Real Music & Real Estate . . .

Yiddishe Cup’s bandleader, Bert Stratton, is Klezmer Guy.
 

He knows about the band biz and – check this out – the real estate biz too. So maybe he’s really Klezmer Landlord.
 

You may not care about the real estate biz. Hey, you may not care about the band biz.  (See you.)
 

This is a blog with a gamy twist. It features tenants with snakes and skunks, and musicians with smoked fish in their pockets.
 

Stratton is an occasional contributor to the New York Times, the Times of Israel, the Cleveland Plain Dealer and City Journal. He won two Hopwood Awards.


 
 

SHE COULDN’T CHANGE
A LIGHT BULB

I had a custodian who couldn’t change a light bulb.  She didn’t know how far to screw the bulb in. She was from Russia and liked to “dress” — put on sharp clothes and wear heavy makeup.

I hadn’t hired her. I had hired her husband, but her husband skipped (went to Philadelphia) and I didn’t want to fire her, because she had two young boys.

She improved just slightly.  She learned how to apply porcelain touch-up paint to chipped bathtubs.  Like doing her nails.

I’ve had worse employees.  I had a custodian who showed too much butt cleft when he waxed floors, alienating some of the tenants. I had a custodian who drove too often to Detroit.  This was before cell phones.  I couldn’t reach him.

I had a custodian from the Hough neighborhood who was snooty.  Her family had boarded Nap Lajoie, the Hall of Fame baseball player, when Hough was a fancy neighborhood.  The custodian said to me, “We had the elite in my neighborhood.  No mongrels, like from P.A.”  Her husband was from P.A.
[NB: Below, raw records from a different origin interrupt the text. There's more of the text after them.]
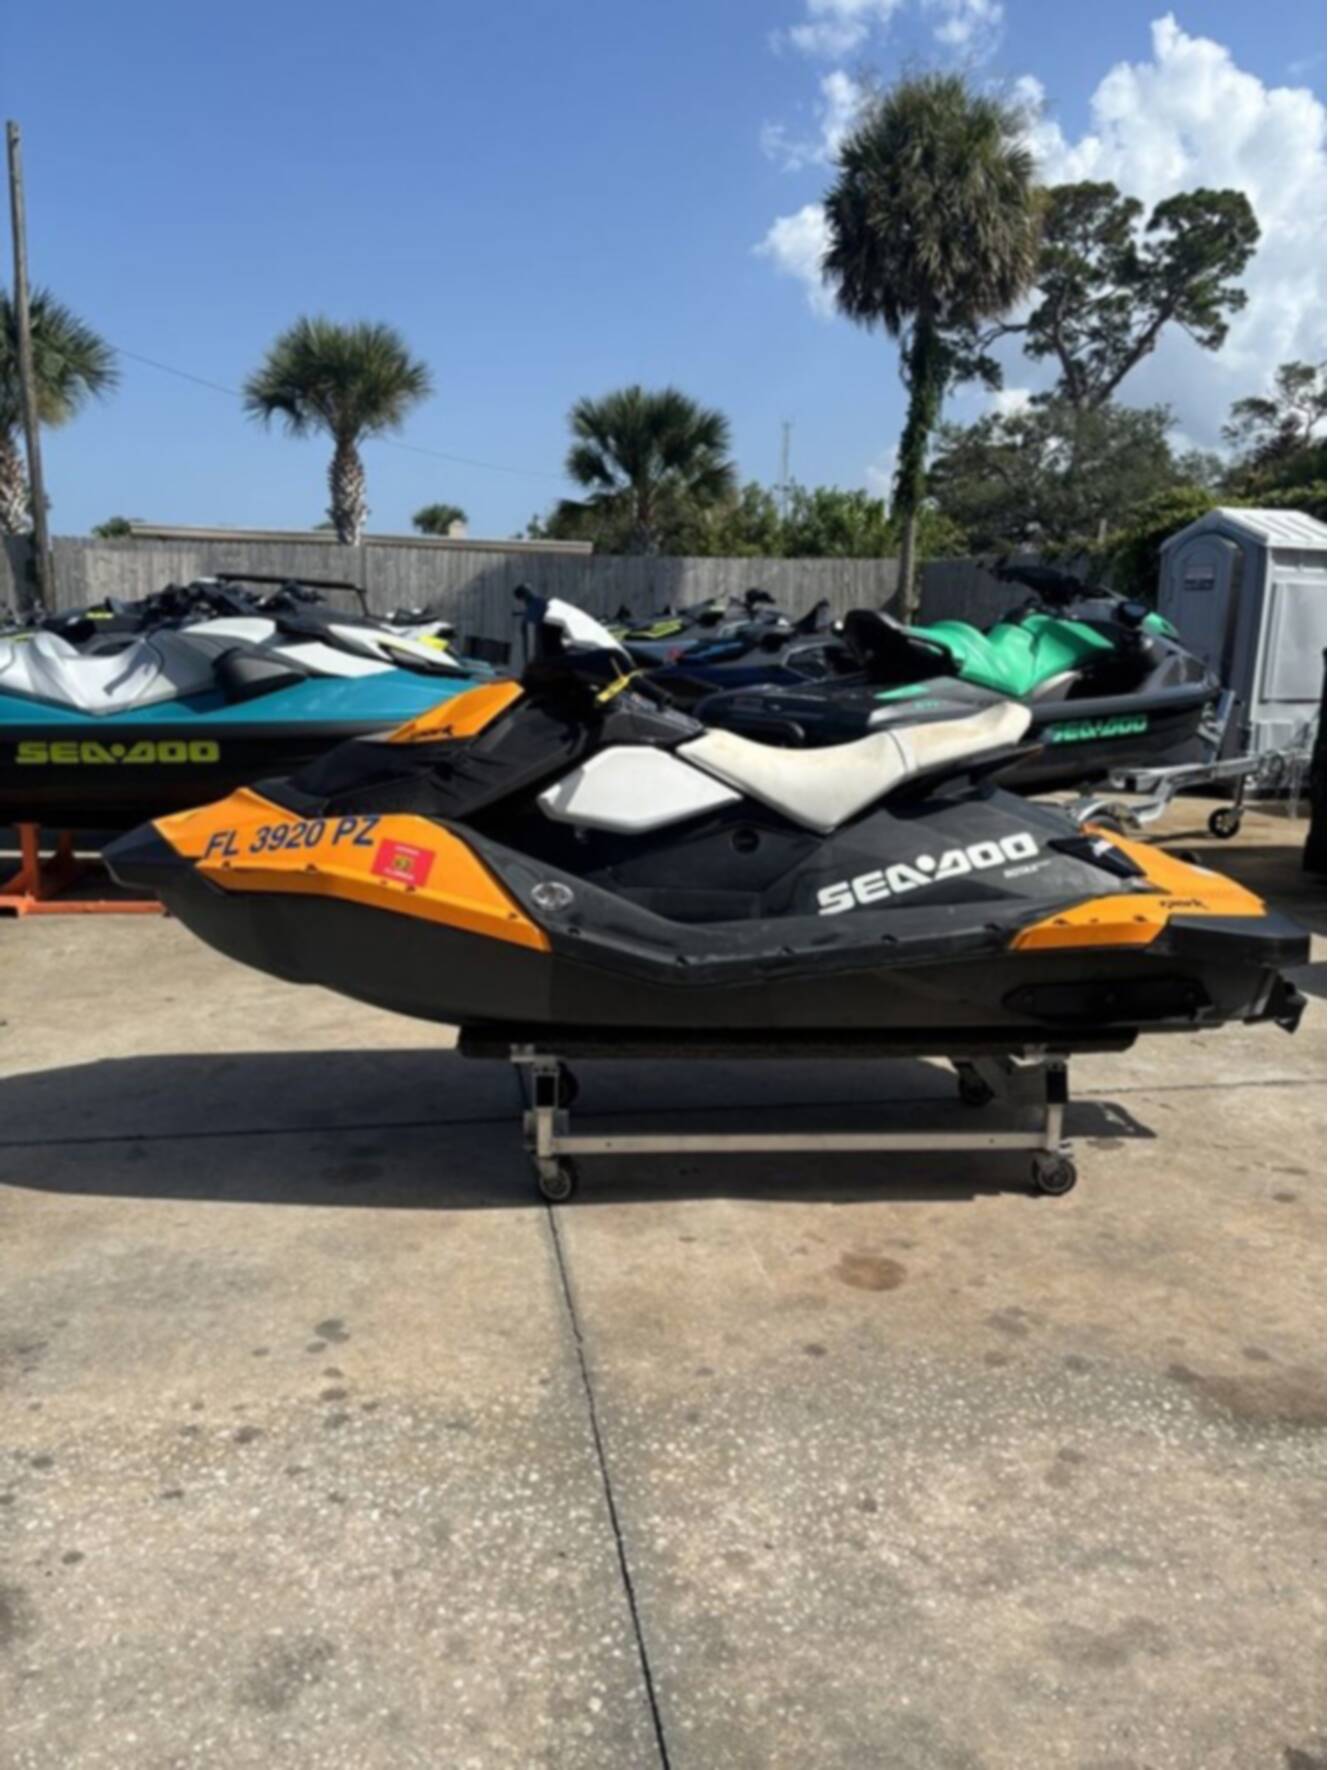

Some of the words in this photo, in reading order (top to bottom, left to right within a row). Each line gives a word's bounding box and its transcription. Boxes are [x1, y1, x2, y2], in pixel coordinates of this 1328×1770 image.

[204, 829, 238, 859] FL
[250, 819, 326, 852] 3920
[331, 815, 379, 845] PZ
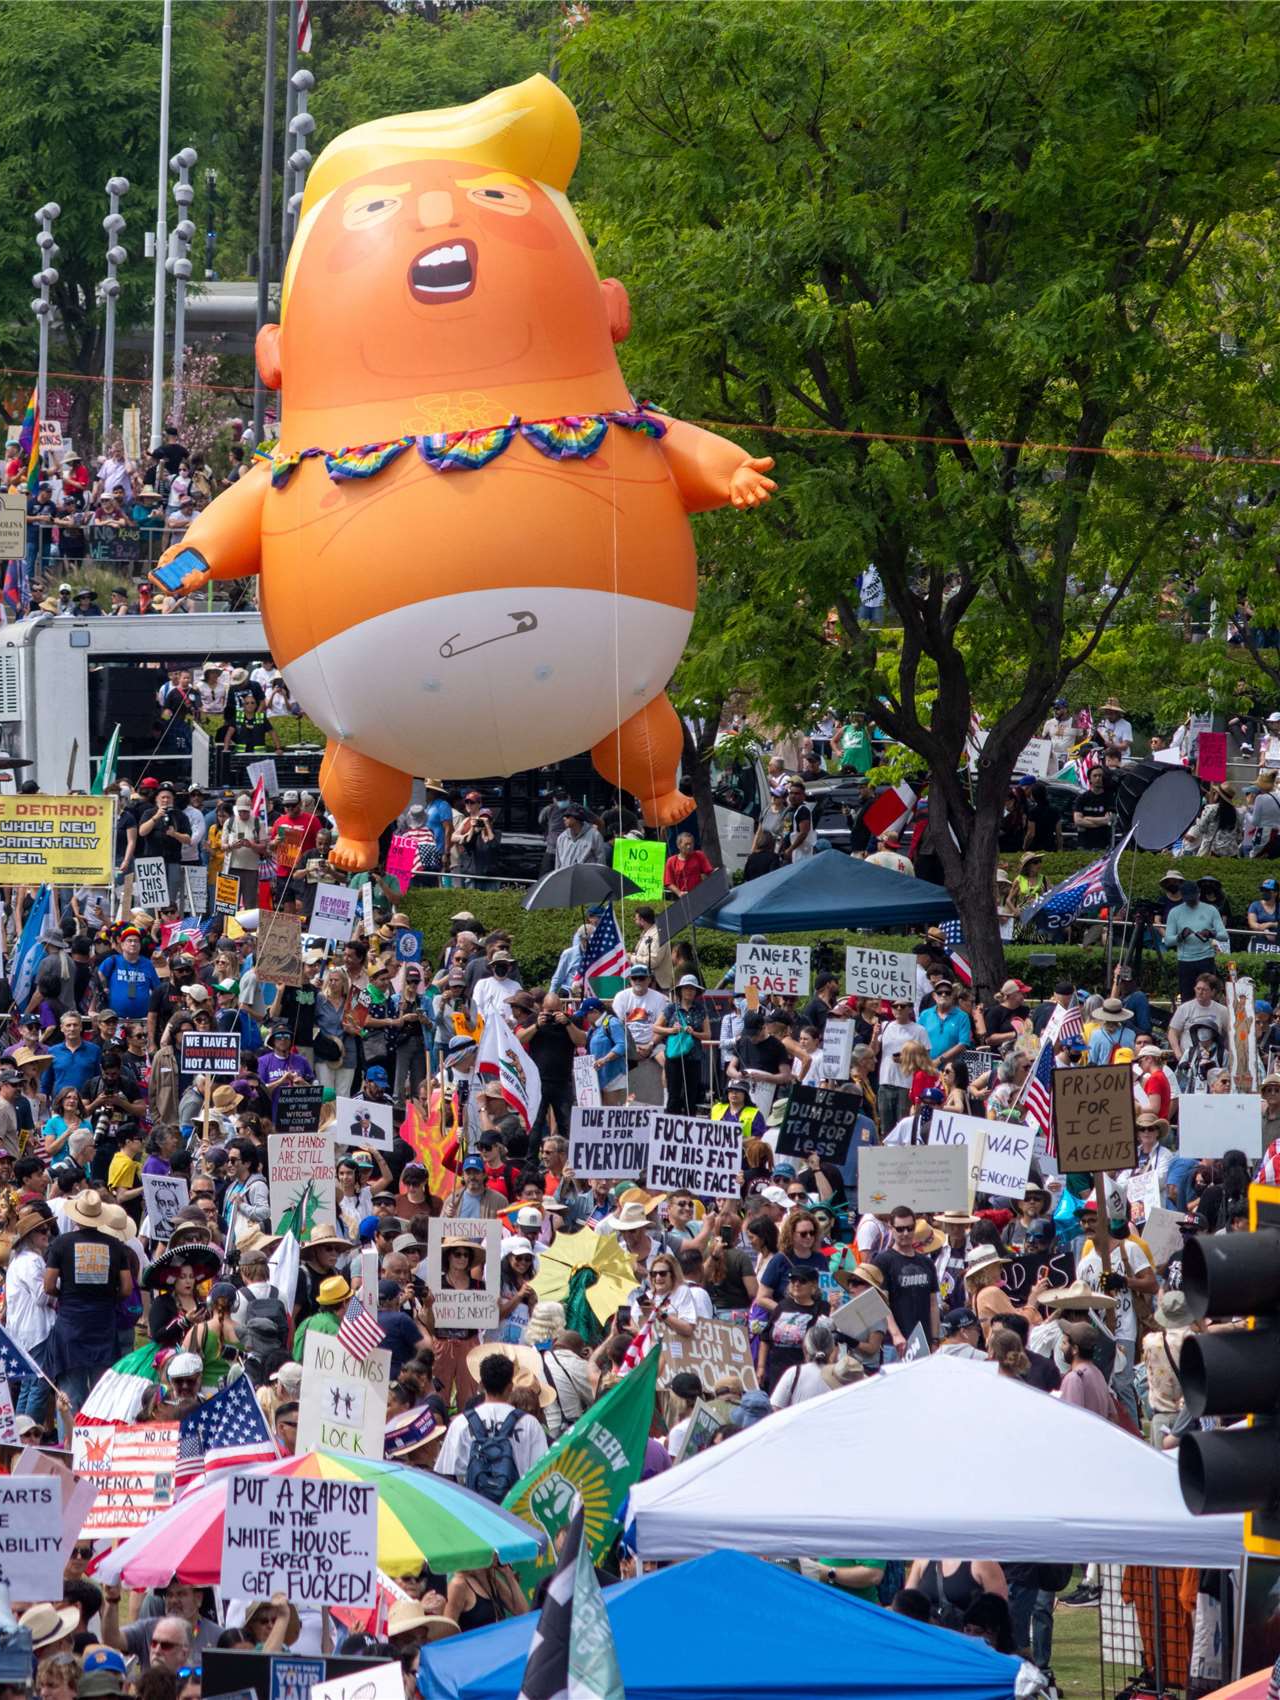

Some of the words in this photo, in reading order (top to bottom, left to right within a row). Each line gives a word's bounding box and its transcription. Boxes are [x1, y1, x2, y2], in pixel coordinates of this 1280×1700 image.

[16, 804, 104, 817] DEMAND:
[0, 820, 54, 833] WHOLE
[60, 821, 96, 833] NEW
[629, 848, 649, 861] NO
[138, 862, 163, 877] FUCK
[139, 877, 162, 890] THIS
[141, 890, 166, 905] SHIT
[320, 896, 351, 909] REMOVE
[749, 947, 809, 966] ANGER:
[857, 950, 899, 967] THIS
[762, 966, 784, 977] ALL
[788, 968, 803, 978] THE
[851, 966, 912, 984] SEQUEL
[750, 976, 798, 994] RAGE
[857, 980, 913, 998] SUCKS!
[186, 1036, 200, 1047] WE
[202, 1037, 228, 1048] HAVE
[230, 1037, 237, 1048] A
[185, 1048, 236, 1057] CONSTITUTION
[185, 1058, 203, 1069] NOT
[204, 1058, 212, 1069] A
[214, 1058, 236, 1070] KING
[815, 1091, 836, 1107] WE
[1077, 1099, 1110, 1115] FOR
[582, 1109, 604, 1127] DUE
[607, 1109, 658, 1128] PROCES
[790, 1102, 855, 1126] DUMPED
[602, 1130, 611, 1138] IS
[613, 1130, 633, 1138] FOR
[654, 1117, 693, 1145] FUCK
[695, 1123, 742, 1149] TRUMP
[786, 1120, 810, 1136] TEA
[819, 1124, 847, 1141] FOR
[1066, 1116, 1122, 1136] ICE
[280, 1136, 296, 1148] MY
[298, 1135, 327, 1149] HANDS
[987, 1134, 1029, 1161] WAR
[278, 1150, 296, 1164] ARE
[297, 1150, 324, 1164] STILL
[660, 1145, 677, 1161] IN
[681, 1147, 704, 1165] HIS
[706, 1150, 738, 1170] FAT
[1067, 1142, 1132, 1164] AGENTS
[272, 1166, 301, 1182] BIGGER
[311, 1165, 335, 1180] YOURS
[651, 1165, 702, 1190] FUCKING
[704, 1170, 737, 1195] FACE
[970, 1165, 1026, 1190] GENOCIDE
[443, 1223, 487, 1237] MISSING
[434, 1306, 456, 1320] WHO
[457, 1306, 465, 1320] IS
[468, 1306, 496, 1320] NEXT?
[314, 1347, 335, 1370] NO
[341, 1357, 385, 1383] KINGS
[74, 1429, 89, 1438] NO
[144, 1431, 156, 1442] NO
[159, 1431, 172, 1441] ICE
[321, 1425, 364, 1453] LOCK
[79, 1460, 111, 1472] KINGS
[88, 1474, 143, 1490] AMERICA
[107, 1494, 116, 1505] IS
[122, 1494, 134, 1506] A
[233, 1477, 269, 1506] PUT
[276, 1478, 294, 1502] A
[301, 1479, 376, 1515] RAPIST
[269, 1511, 286, 1525] IN
[289, 1512, 318, 1526] THE
[228, 1528, 280, 1549] WHITE
[292, 1530, 369, 1556] HOUSE...
[260, 1552, 309, 1572] EXPECT
[313, 1555, 332, 1573] TO
[242, 1572, 275, 1594] GET
[287, 1572, 370, 1602] FUCKED!
I had a building manager who rarely cleaned. A tenant taped a note in the hallway: “This building is a mess.” Other tenants added to the note: “Vacuum the halls” . . . “Take the tree down, Christmas is over!” . . . “Trim the shrubs.”
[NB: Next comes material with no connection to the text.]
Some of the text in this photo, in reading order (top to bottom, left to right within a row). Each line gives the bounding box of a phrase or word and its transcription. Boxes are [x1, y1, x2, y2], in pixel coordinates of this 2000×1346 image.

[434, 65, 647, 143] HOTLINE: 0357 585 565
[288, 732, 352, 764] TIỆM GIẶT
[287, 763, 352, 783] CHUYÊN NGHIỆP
I had a custodian whose vacuum sweeper was always outside her door but she never vacuumed.

Hoover don't move her

I had a custodian who threatened to kill me.  He was dating a black transvestite prostitute from apartment 200. I didn’t like him fraternizing with tenants.   He said he would hunt me down.  Luckily, he didn’t know his way around the East Side, where I live. The East Side has curved streets.

I had a custodian who asked for loans regularly because her husband took all her money, she said.  I liked the husband.  He went to the racetrack a lot, but he was a hard worker and had a good day job.

I had a building manager whose kids were thieves. I once asked where her son was, and the manager said, “He stepped out to shop.”

“Where?”

“Marion,” she said.   The Marion (Ohio) Correctional Institution.

He came back from Marion and broke into an apartment.

Bad.

Footnote:
For the record, I’ve had plenty good managers.